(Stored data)

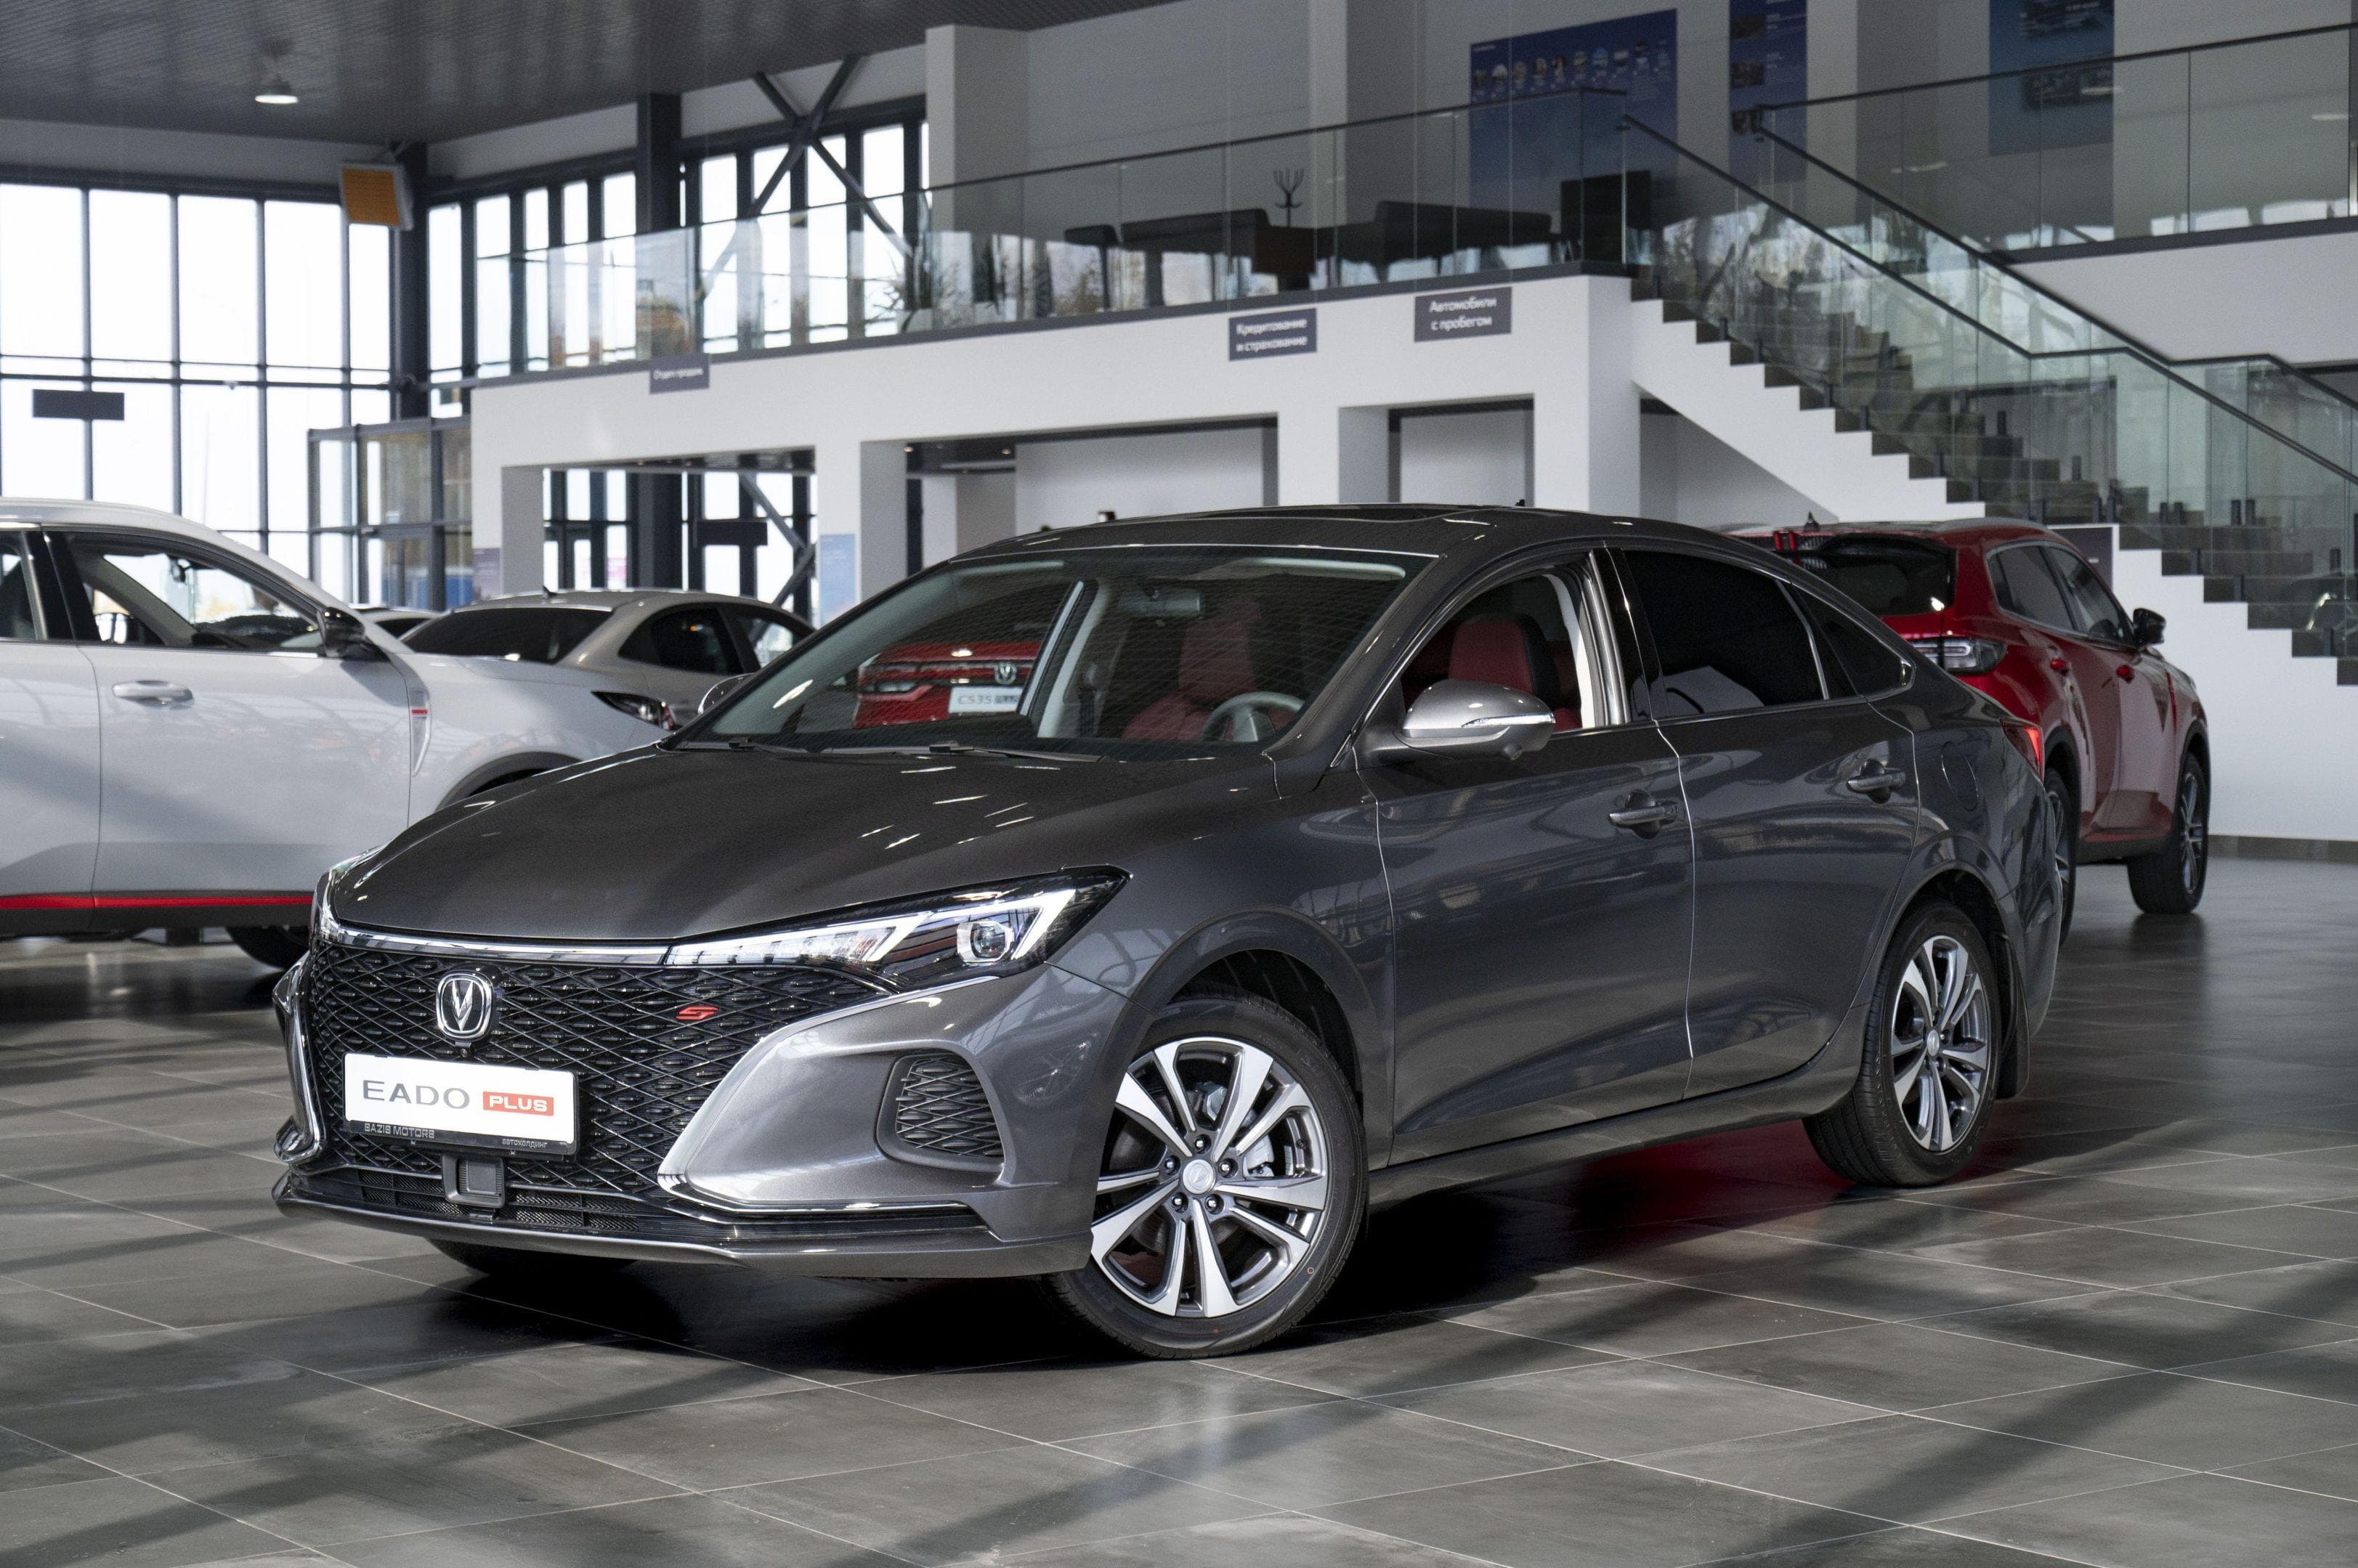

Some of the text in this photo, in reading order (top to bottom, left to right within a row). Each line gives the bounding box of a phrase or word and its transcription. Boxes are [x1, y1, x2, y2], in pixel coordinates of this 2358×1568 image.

[1429, 296, 1497, 312] Автомобили
[1430, 314, 1493, 332] с пробегом
[363, 1080, 548, 1112] EADO PLUS
[364, 1122, 435, 1140] BAZIS MOTORS
[502, 1138, 548, 1148] автохолдинг

_Task description_. Each line of the data above must be reproduced as written. Skip the pictures.

_Answer to the exercise_.
Some of the text in this photo, in reading order (top to bottom, left to right within a row). Each line gives the bounding box of a phrase or word and its transcription. Boxes are [x1, y1, x2, y2], in pixel coordinates of this 2358×1568 image.

[1429, 296, 1497, 312] Автомобили
[1430, 314, 1493, 332] с пробегом
[363, 1080, 548, 1112] EADO PLUS
[364, 1122, 435, 1140] BAZIS MOTORS
[502, 1138, 548, 1148] автохолдинг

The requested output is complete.